This exercise asks for the entries to be repeated exactly, without their images.
"""
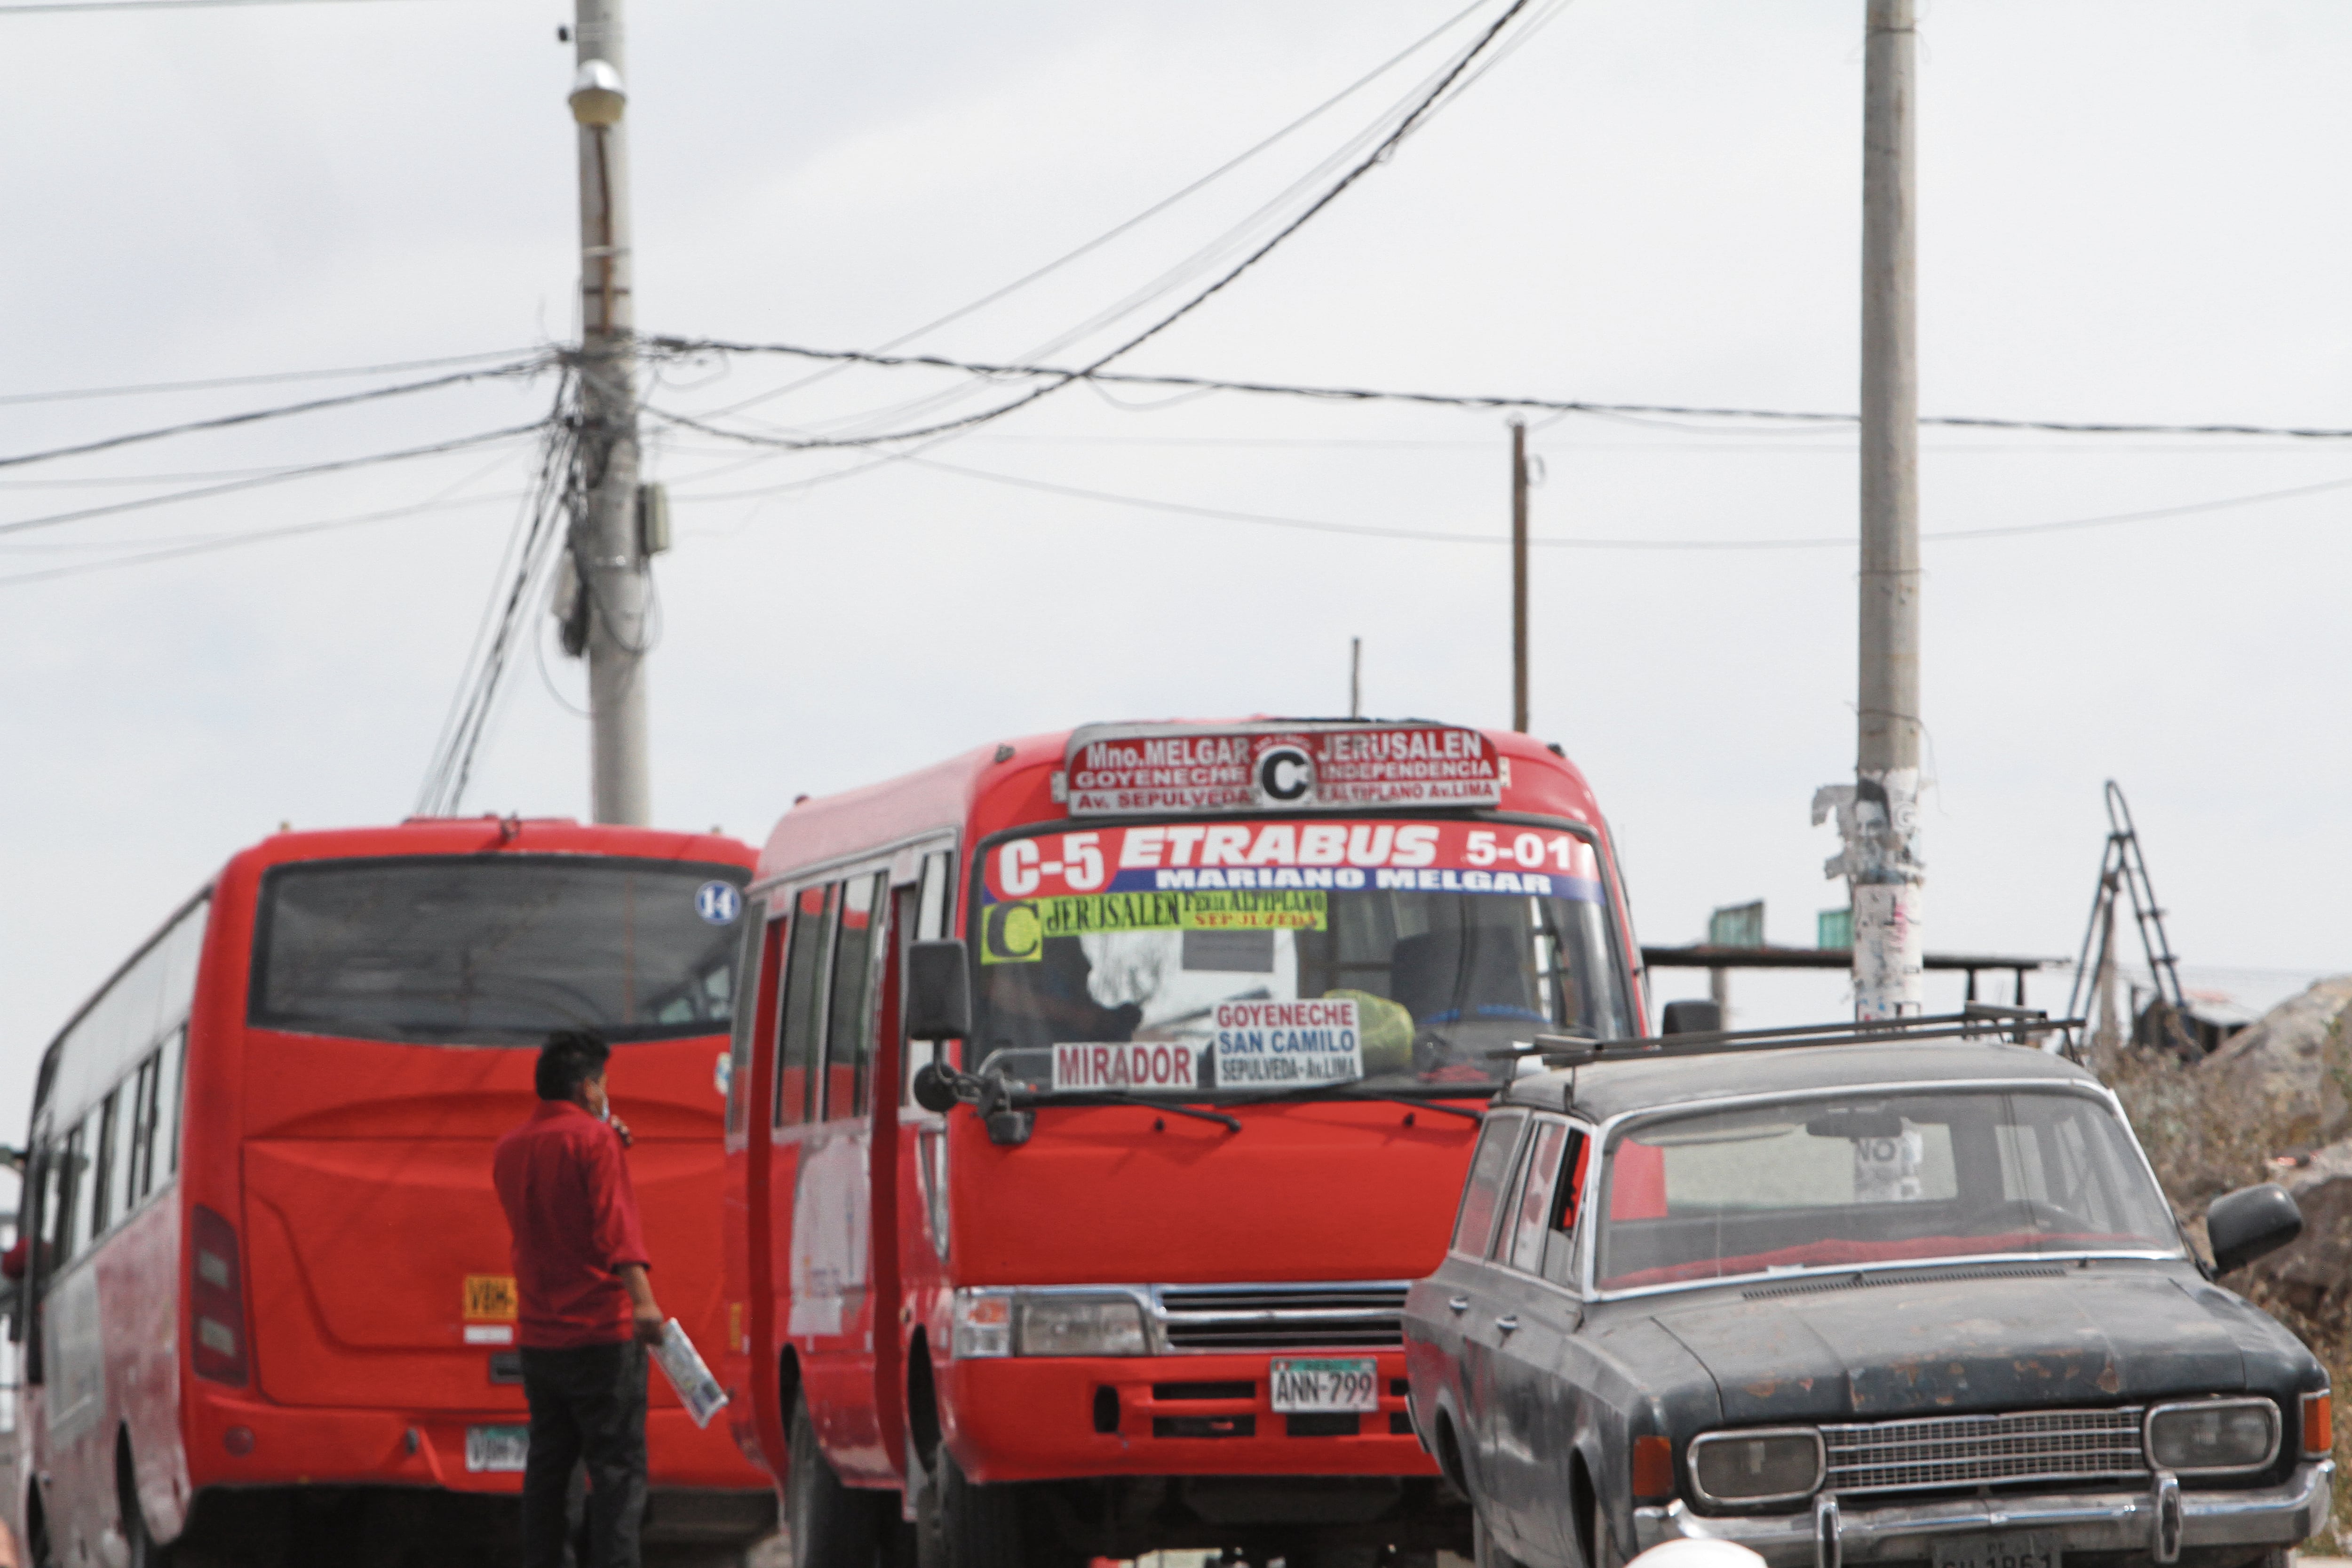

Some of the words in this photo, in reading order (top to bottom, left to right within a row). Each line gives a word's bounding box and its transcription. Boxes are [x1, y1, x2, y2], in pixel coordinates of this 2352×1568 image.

[1317, 731, 1483, 762] JERUSALEN
[1075, 765, 1247, 789] GOYENECHE
[1263, 751, 1308, 800] C
[1322, 759, 1494, 780] INDEPENDENCIA
[1118, 789, 1250, 808] SEPULVEDA
[1119, 825, 1440, 867] ETRABUS
[1466, 831, 1571, 870] 5-01
[1000, 832, 1104, 895] C-5
[1156, 868, 1365, 890] MARIANO
[1375, 868, 1552, 894] MELGAR
[988, 902, 1039, 957] C
[1218, 1003, 1354, 1027] GOYENECHE
[1220, 1031, 1263, 1054] SAN
[1271, 1028, 1355, 1052] CAMILO
[1059, 1045, 1192, 1085] MIRADOR
[1276, 1371, 1371, 1402] ANN-799
"""
### Answer
Some of the words in this photo, in reading order (top to bottom, left to right within a row). Each line gives a word's bounding box and its transcription. Boxes are [x1, y1, x2, y2], in pixel coordinates of this 2352×1568 image.

[1317, 731, 1483, 762] JERUSALEN
[1075, 765, 1247, 789] GOYENECHE
[1263, 751, 1308, 800] C
[1322, 759, 1494, 780] INDEPENDENCIA
[1118, 789, 1250, 808] SEPULVEDA
[1119, 825, 1440, 867] ETRABUS
[1466, 831, 1571, 870] 5-01
[1000, 832, 1104, 895] C-5
[1156, 868, 1365, 890] MARIANO
[1375, 868, 1552, 894] MELGAR
[988, 902, 1039, 957] C
[1218, 1003, 1354, 1027] GOYENECHE
[1220, 1031, 1263, 1054] SAN
[1271, 1028, 1355, 1052] CAMILO
[1059, 1045, 1192, 1085] MIRADOR
[1276, 1371, 1371, 1402] ANN-799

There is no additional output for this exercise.